澄み渡る秋空の下、弟の一周忌に訪れた数人の訪問者に対し、
 美樹は一人ひとり挨拶に回っていた。
 弟の死は――――未だに信じられずにいる。
 余りにも、突然だった。
 唐突だった。
 どう考えても、順番がおかしかった。
 家族の中で一番年下の人間が、どうして最初に旅立つのか。
 まだ20歳にもなっていない弟が、身体を焼かれて、墓の下に眠るのか。
 わかりたくもない。
 けれど、せざるを得なかった。
 弟を弔いに、そして惜しみに足を運んでくれた人間が、何人もいるのだから。
「本日は、遠い所をお越し頂き、ありがとうございました」
 まず、小学校時代の知人。
 20歳の女性だ。
 友達、と言うほどの関係ではないらしいが、思う所があって、遥々遠方から
 駆けつけてきたようだ。
 弟の小学生時代の渾名を美樹は知っていた。
 ただ、名付け親がこの女性だと言う事は、この日初めて知った。
「ほほほほ本当に、申し訳なくて……」
「良いんですよ。ただでさえ影が薄い子だったんだから、逆に感謝してる筈です」
 美樹は気さくに笑う。
 そう言う表情が出来るようになっていた。
「卒業式の日に謝った時、彼は何も言わないでただ聞いてくれてたんです。
 私を責める事もなく……お陰で、どれだけ救われたか」
「文句言う度胸もなかったんでしょう。
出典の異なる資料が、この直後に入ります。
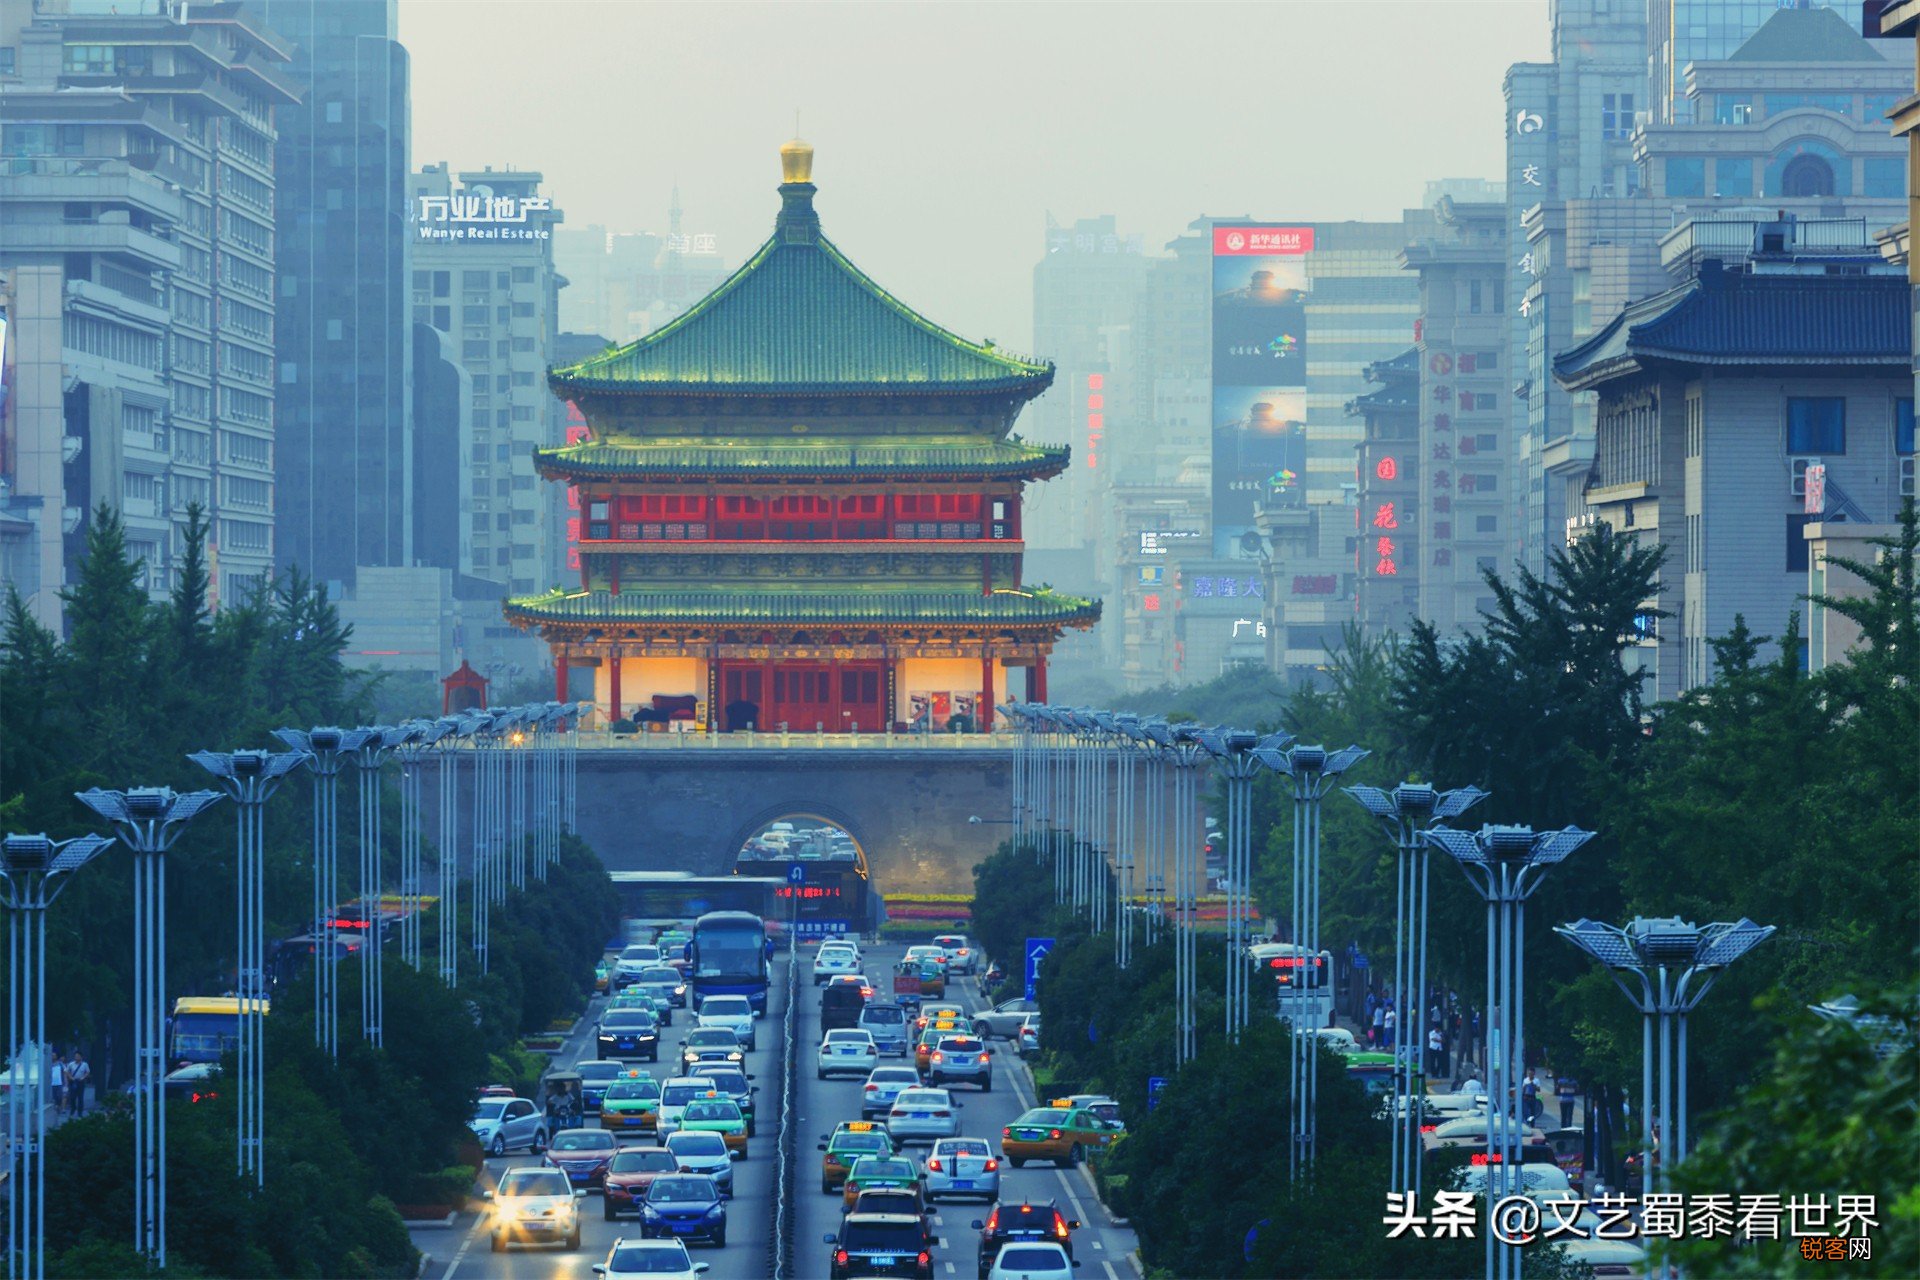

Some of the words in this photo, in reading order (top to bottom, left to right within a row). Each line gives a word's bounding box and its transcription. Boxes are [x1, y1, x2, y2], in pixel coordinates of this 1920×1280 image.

[419, 195, 550, 222] 万业地产
[419, 227, 464, 240] Wanye
[468, 227, 498, 239] Real
[501, 227, 549, 240] Estate
ご迷惑でなかったら、時々でいいから、
 小学生時代に根暗なヤツがクラスにいたな、って思い出してあげて下さい」
「う、うう。はい」
 少し困った顔をしながら、その女性ははにかむようにして笑っていた。
 次は、中学時代の同級生。
 意外にも、3人も来てくれていた。
「ユーマって言えば、三年の時の文化祭を思い出すんスよね」
「あいつ、結構頑張ってたもんな。いい思い出です」
「未だに、夜に星空見ると、思い出すもんなー」
 いずれも、弟の友人。
 当時はそう呼べる程に親しい関係ではなかったかもしれないが、今は確かに友達だった。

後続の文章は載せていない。